**Task prompt**. Print the listing below again, exactly. Skip the pictures.

Segment Open

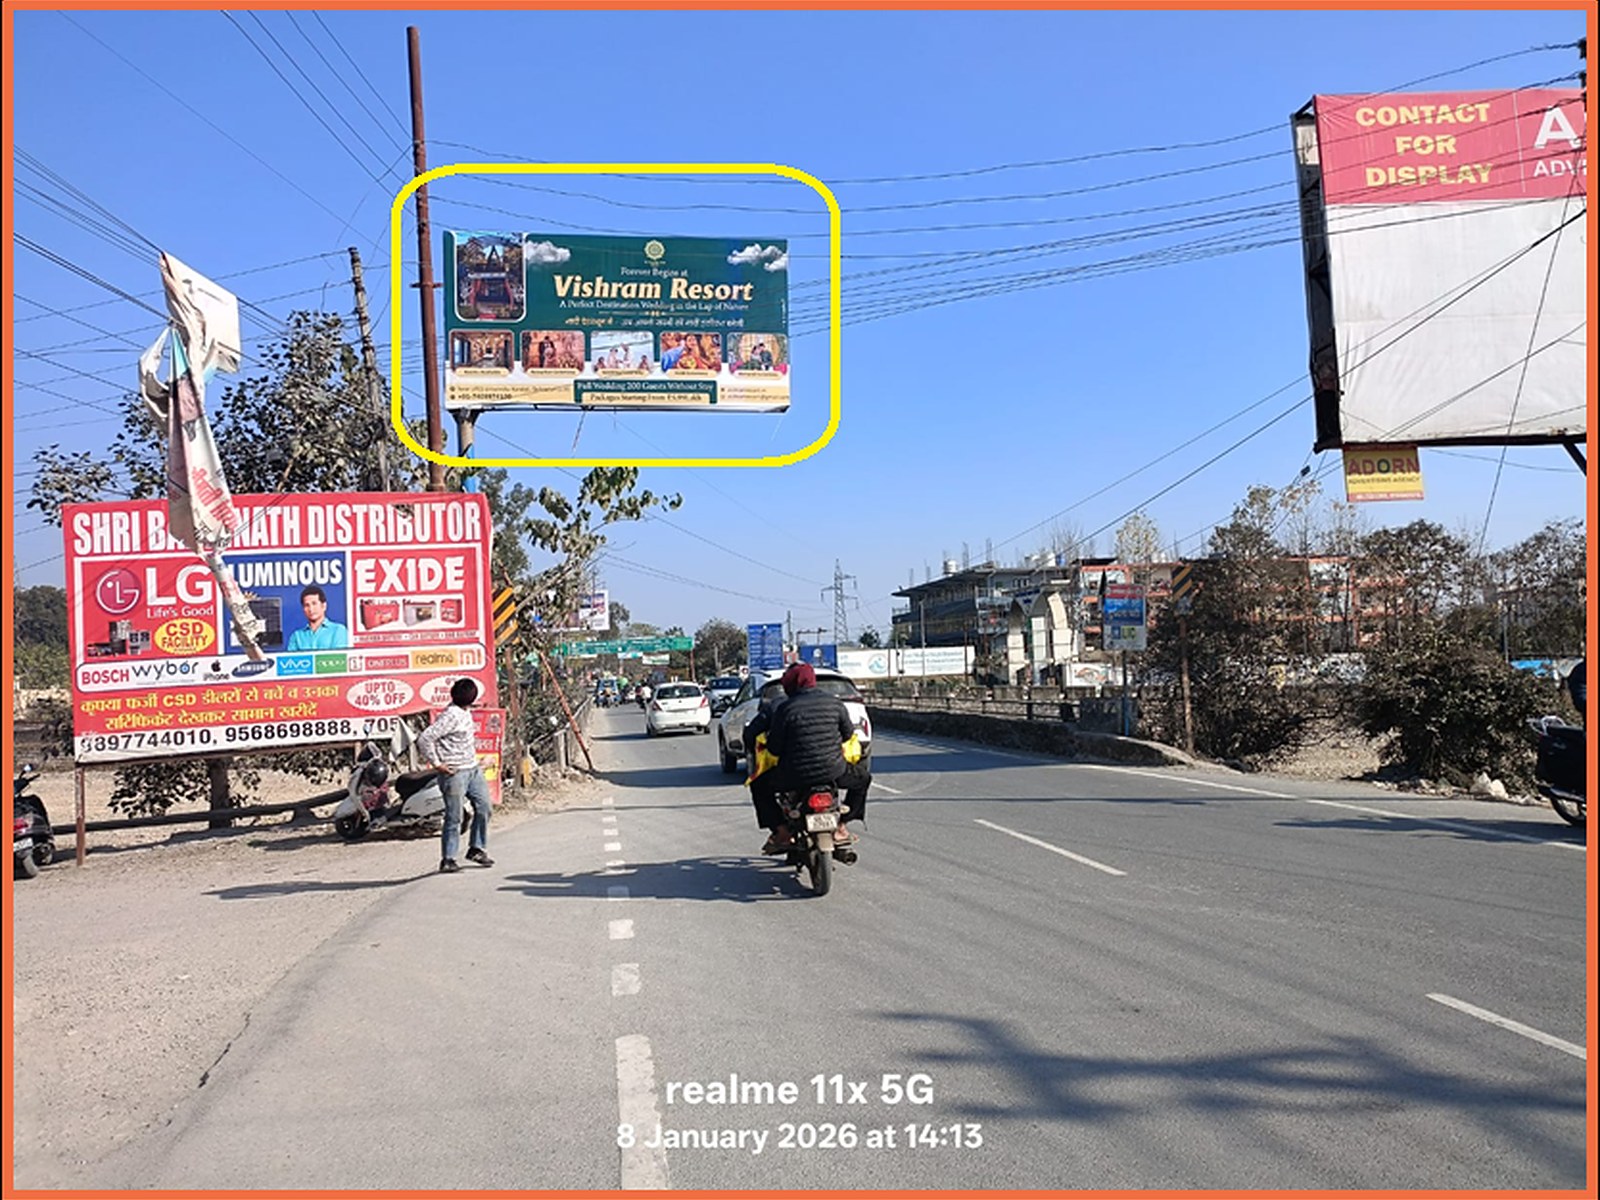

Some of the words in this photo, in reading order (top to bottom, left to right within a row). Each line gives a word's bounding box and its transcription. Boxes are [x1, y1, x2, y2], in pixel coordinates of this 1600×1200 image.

[1355, 103, 1491, 127] CONTACT
[1533, 106, 1587, 150] A
[1395, 134, 1457, 156] FOR
[1365, 163, 1493, 187] DISPLAY
[553, 275, 661, 300] Vishram
[670, 278, 754, 301] Resort
[559, 300, 567, 309] A
[567, 300, 595, 309] Perfect
[627, 382, 641, 390] 200
[1347, 458, 1420, 475] ADORN
[73, 511, 140, 555] SHRI
[308, 501, 481, 546] DISTRIBUTOR
[146, 565, 212, 606] LG
[354, 556, 465, 594] EXIDE
[147, 606, 179, 619] Life's
[181, 605, 214, 618] Good
[166, 621, 204, 636] CSD
[161, 635, 208, 648] FACILITY
[81, 669, 130, 685] BOSCH
[203, 672, 230, 682] iPhone
[279, 658, 311, 669] vivo
[368, 656, 407, 668] ONEPLUS
[416, 652, 454, 666] realme
[354, 693, 381, 706] 40%
[384, 692, 406, 705] OFF
[364, 681, 396, 694] UPTO
[81, 699, 121, 716] कृपया
[126, 694, 158, 711] फर्जी
[162, 694, 196, 707] CSD
[246, 687, 259, 701] से
[288, 688, 299, 699] व
[303, 684, 339, 699] उनका
[179, 708, 226, 725] देखकर
[231, 706, 274, 721] सामान
[225, 719, 358, 743] 9568698888,

Segment Closed

**Exercise solution**.
Some of the words in this photo, in reading order (top to bottom, left to right within a row). Each line gives a word's bounding box and its transcription. Boxes are [x1, y1, x2, y2], in pixel coordinates of this 1600×1200 image.

[1355, 103, 1491, 127] CONTACT
[1533, 106, 1587, 150] A
[1395, 134, 1457, 156] FOR
[1365, 163, 1493, 187] DISPLAY
[553, 275, 661, 300] Vishram
[670, 278, 754, 301] Resort
[559, 300, 567, 309] A
[567, 300, 595, 309] Perfect
[627, 382, 641, 390] 200
[1347, 458, 1420, 475] ADORN
[73, 511, 140, 555] SHRI
[308, 501, 481, 546] DISTRIBUTOR
[146, 565, 212, 606] LG
[354, 556, 465, 594] EXIDE
[147, 606, 179, 619] Life's
[181, 605, 214, 618] Good
[166, 621, 204, 636] CSD
[161, 635, 208, 648] FACILITY
[81, 669, 130, 685] BOSCH
[203, 672, 230, 682] iPhone
[279, 658, 311, 669] vivo
[368, 656, 407, 668] ONEPLUS
[416, 652, 454, 666] realme
[354, 693, 381, 706] 40%
[384, 692, 406, 705] OFF
[364, 681, 396, 694] UPTO
[81, 699, 121, 716] कृपया
[126, 694, 158, 711] फर्जी
[162, 694, 196, 707] CSD
[246, 687, 259, 701] से
[288, 688, 299, 699] व
[303, 684, 339, 699] उनका
[179, 708, 226, 725] देखकर
[231, 706, 274, 721] सामान
[225, 719, 358, 743] 9568698888,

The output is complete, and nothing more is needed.